Just <3960.1095733170896: Honolulu International Airport - Henderson Field - Sendai Airport - Narita International Airport >

• "Honolulu International Airport" to Narita International Airport" with a hop distance of 500:

Nothing

If your program can find the routes above (or correct alternatives), you'll receive full credit.

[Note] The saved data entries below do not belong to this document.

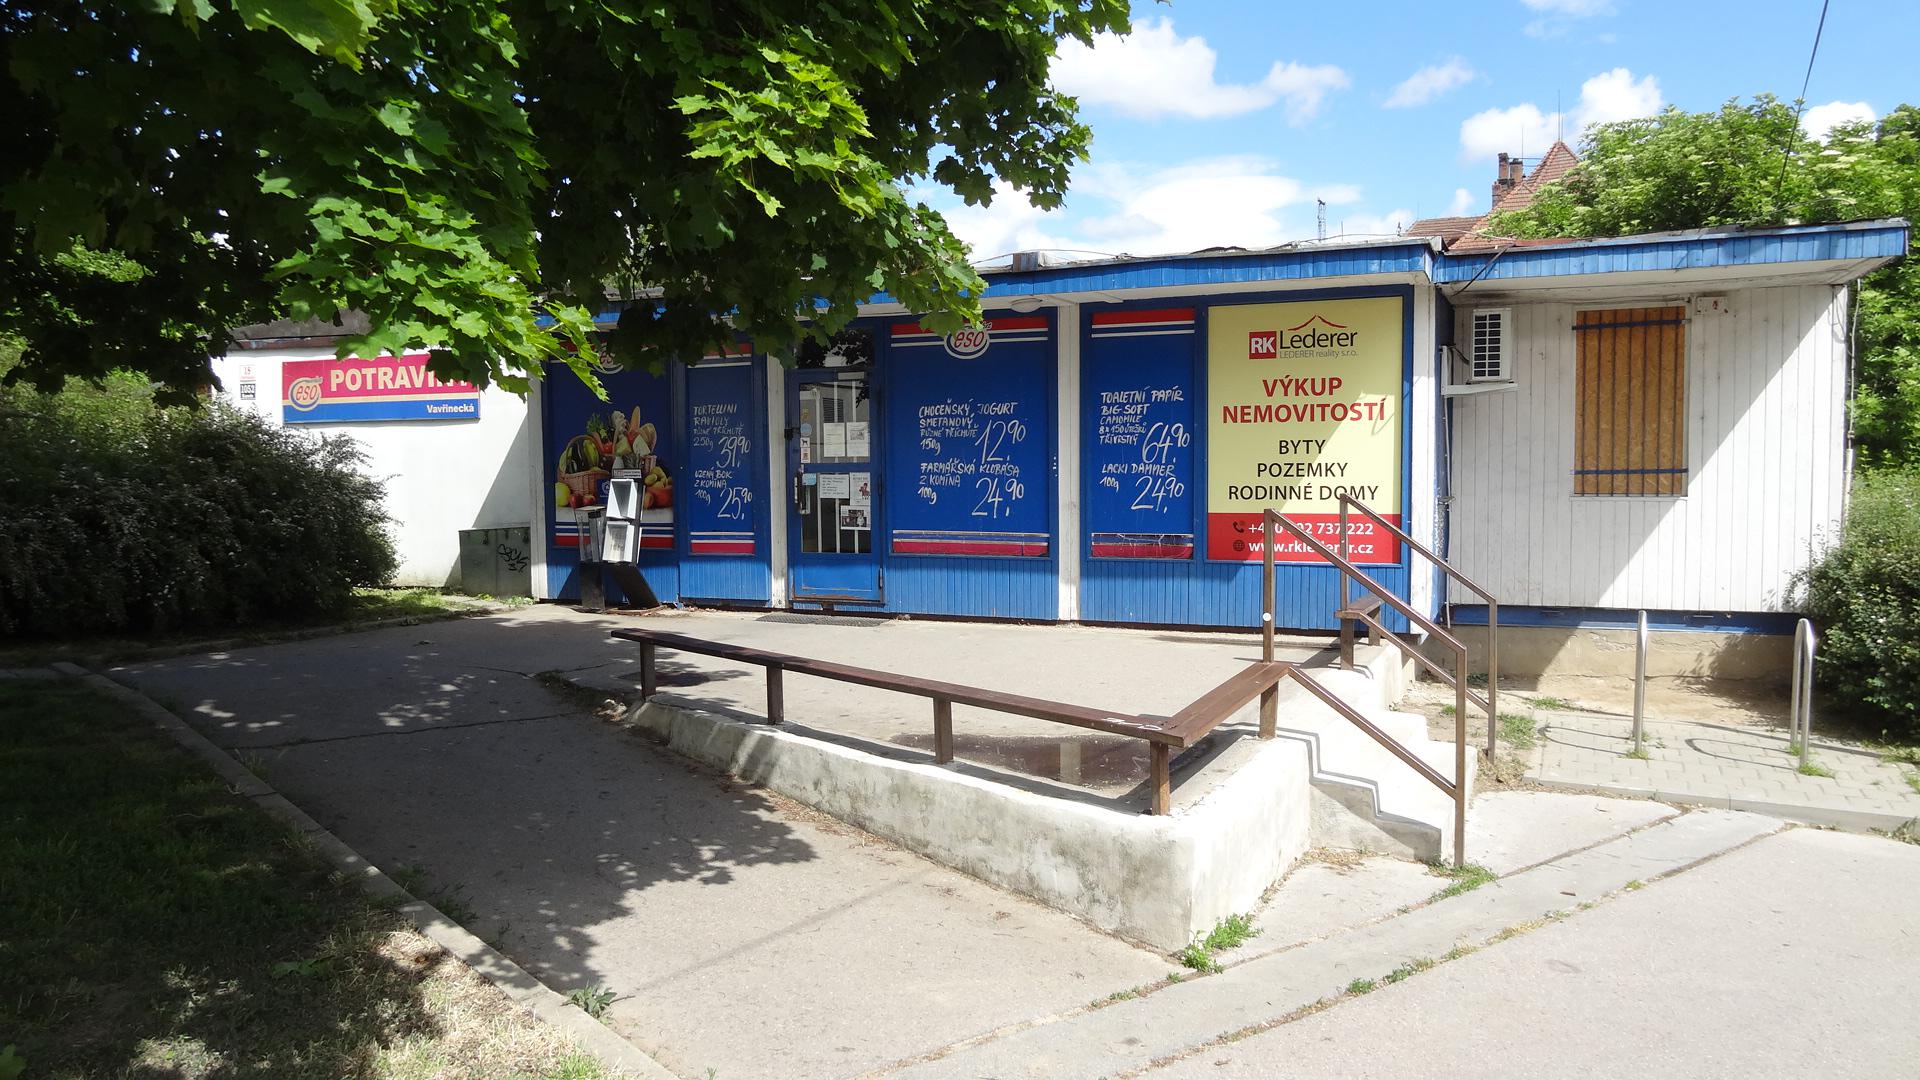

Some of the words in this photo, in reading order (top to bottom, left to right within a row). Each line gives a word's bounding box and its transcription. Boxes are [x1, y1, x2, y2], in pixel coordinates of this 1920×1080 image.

[954, 331, 985, 348] eso
[1251, 336, 1276, 354] RK
[1280, 328, 1358, 349] Lederer
[1280, 350, 1315, 359] LEDERER
[1316, 349, 1340, 359] reality
[330, 365, 468, 392] POTRAVI
[1262, 375, 1343, 397] VÝKUP
[296, 385, 318, 401] eso
[1100, 386, 1151, 404] TOALETNÍ
[1151, 385, 1185, 402] PAPÍR
[427, 403, 475, 413] Vavřinecká
[919, 398, 974, 418] CHOCEŇSKÝ
[977, 402, 1018, 415] JOGURT
[1101, 405, 1122, 416] BIG
[1123, 403, 1151, 415] SOFT
[1222, 397, 1386, 424] NEMOVITOSTÍ
[919, 413, 975, 429] SMETANOVÝ
[1279, 439, 1326, 455] BYTY
[920, 458, 976, 475] FARMÁŘSKÁ
[979, 462, 1020, 478] KLOBÁSA
[1257, 462, 1348, 477] POZEMKY
[1228, 482, 1313, 500] RODINNÉ
[1319, 486, 1379, 501] DOMY
[1316, 522, 1341, 534] 737
[1347, 523, 1374, 535] 222
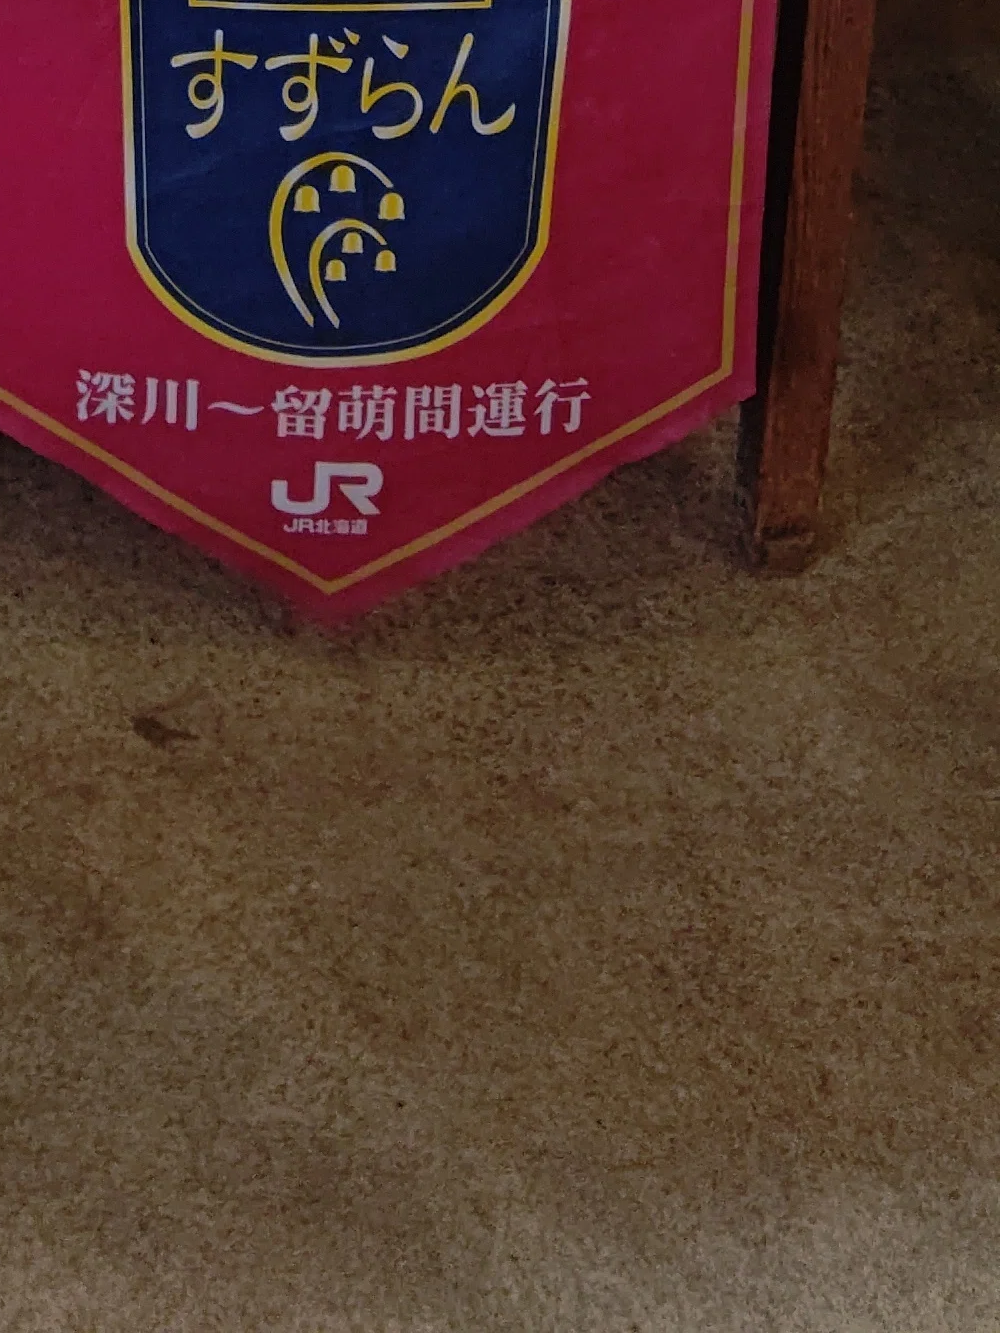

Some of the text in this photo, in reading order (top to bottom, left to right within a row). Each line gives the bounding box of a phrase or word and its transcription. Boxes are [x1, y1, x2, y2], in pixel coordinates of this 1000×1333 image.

For more of a challenge, you can attempt to add heuristics to your search implementation so that it can tackle cities that are farther apart, or shorter hop distances (which makes the number of potential routes explode in number). Here are some more challenging searches (again, with a 15-second limit):

• "London Heathrow Airport" to "Charles de Gaulle International Airport" with a hop distance of 50:

Just <226.00848752817393: London Heathrow Airport - London Biggin Hill Airport - Lydd Airport - Le Touquet-Côte d'Opale Airport - Abbeville - Paris Beauvais Tillé Airport - Charles de Gaulle International Airport >

• "Honolulu International Airport" to Narita International Airport" with a hop distance of 1500:

Just <4506.014981988908: Honolulu International Airport - Henderson Field - Wake Island Airfield - Minami Torishima Airport - Narita International Airport >

• "Chicago O'Hare International Airport" to "John F Kennedy International Airport" with a hop distance of 50:

Just <881.2512377878584: Chicago O'Hare International Airport - Chicago Meigs Airport - Michigan City Municipal Airport - Nappanee Municipal Airport - Smith Field - Van Wert County Airport - Lima Allen County Airport - Fostoria Metropolitan Airport - Griffing Sandusky Airport - Cleveland Hopkins International Airport - Cuyahoga County Airport - Youngstown Warren Regional Airport - Beaver County Airport - Allegheny County Airport - Arnold Palmer Regional Airport - Bedford County Airport - Hagerstown Regional Richard A Henson Field - Montgomery County Airpark - Martin State Airport - New Castle Airport - Northeast Philadelphia Airport - Trenton Mercer Airport - Linden Airport - John F Kennedy International Airport >

Submission

To submit your work, be sure your "`MP4.hs`" file is added to your repository, then commit all your changes and push your work to our shared BitBucket repository.